Sometimes life whispers to us long before we know how to listen. A creaking stair, a flicker of unseen movement, a peculiar knowing that something more exists just beyond the veil. On today’s episode, we welcome Shawna Ristic, a woman whose near-death experience opened a doorway into the profound truth of who we are. Shawna is an intuitive healer and NDE experiencer whose journey through trauma, spiritual contact, and miraculous recovery awakened her mission to help others heal.

In this profound conversation, Shawna Ristic begins by revisiting a childhood filled with unexplained knocks, rattling drawers, and disincarnate visitors. As a young girl, she tried to share these experiences, only to be told it was “just her imagination.” And yet, the universe has a strange sense of timing. Even as she attempted to shut down her intuitive sensitivity, life continued nudging her toward a deeper understanding of her own gifts. But fear—especially spiritual fear—has a way of closing us off from our true nature. As she grew older, she layered herself with normalcy: modeling, working, trying to fit into a world that seemed uninterested in the unseen realms.

Her early adulthood unfolded like a storm brewing under a calm surface. Economic struggles, confusion about her purpose, and the lure of fast money led her to work as a dancer. She shares this with complete honesty, not as a confession, but as a truth. It shaped her. It exhausted her. Eventually, she reached a point of deep internal conflict, sensing that she wasn’t living the life she came here to live. As she put it, “I know I came here for a reason… but this place is really hard.” The weight of that acknowledgment became a turning point. Something inside her whispered that a change—perhaps a drastic one—was coming.

That whisper took form the night she dreamed—or foresaw—a terrible car accident. She brushed the thought away, trying to keep her feet on solid ground. Yet life has a way of honoring the messages it sends. On Christmas Day, rushing out the door, late and distracted, she found herself barreling down the highway. A split-second choice to reach for her phone sent her car spiraling, flipping end over end across lanes of traffic. When rescuers reached her, she lay face down in the snow, blood pooling, turning blue. Two nurses—one behind her, another approaching from the opposite lane—arrived instantly, like guardian angels disguised as passersby.

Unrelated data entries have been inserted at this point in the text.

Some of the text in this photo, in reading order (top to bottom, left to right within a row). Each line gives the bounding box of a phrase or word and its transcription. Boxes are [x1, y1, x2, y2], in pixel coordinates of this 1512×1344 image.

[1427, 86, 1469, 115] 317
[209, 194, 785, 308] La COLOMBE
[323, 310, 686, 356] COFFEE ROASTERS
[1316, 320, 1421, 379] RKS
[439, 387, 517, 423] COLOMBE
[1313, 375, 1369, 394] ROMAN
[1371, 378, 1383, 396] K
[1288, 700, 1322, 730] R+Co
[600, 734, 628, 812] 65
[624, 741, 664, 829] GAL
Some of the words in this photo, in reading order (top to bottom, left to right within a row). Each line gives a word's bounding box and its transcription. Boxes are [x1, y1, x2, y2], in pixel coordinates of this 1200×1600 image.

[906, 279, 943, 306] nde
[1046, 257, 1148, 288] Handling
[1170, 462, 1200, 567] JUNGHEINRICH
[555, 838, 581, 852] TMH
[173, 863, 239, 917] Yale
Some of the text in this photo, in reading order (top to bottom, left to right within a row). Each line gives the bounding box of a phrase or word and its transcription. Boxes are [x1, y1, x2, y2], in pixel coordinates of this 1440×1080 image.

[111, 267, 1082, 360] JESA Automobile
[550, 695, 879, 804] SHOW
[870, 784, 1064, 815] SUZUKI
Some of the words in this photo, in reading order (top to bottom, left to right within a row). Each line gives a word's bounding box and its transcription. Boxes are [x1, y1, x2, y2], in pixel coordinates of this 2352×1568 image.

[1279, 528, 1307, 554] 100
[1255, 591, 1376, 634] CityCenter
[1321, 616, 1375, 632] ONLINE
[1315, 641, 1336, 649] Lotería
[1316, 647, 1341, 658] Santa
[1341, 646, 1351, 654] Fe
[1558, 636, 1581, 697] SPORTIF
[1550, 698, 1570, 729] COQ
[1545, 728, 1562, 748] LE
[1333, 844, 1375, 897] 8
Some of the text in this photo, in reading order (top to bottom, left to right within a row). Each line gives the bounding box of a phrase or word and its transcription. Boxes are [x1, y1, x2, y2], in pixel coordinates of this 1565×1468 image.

What followed was not just physical trauma but an extraordinary spiritual transition. She remembers rising above her body, drifting in a swirl of white light and hazy colors. There, she encountered six tall beings—luminous, loving, familiar. They radiated a kind of unconditional acceptance rarely encountered on Earth. “They emanated love,” she recalls. “Not the kind coated in expectations, but real love—pure okayness.” These beings lifted her spirit from her body and embraced her like long-lost family. Their presence was not a vision but a homecoming.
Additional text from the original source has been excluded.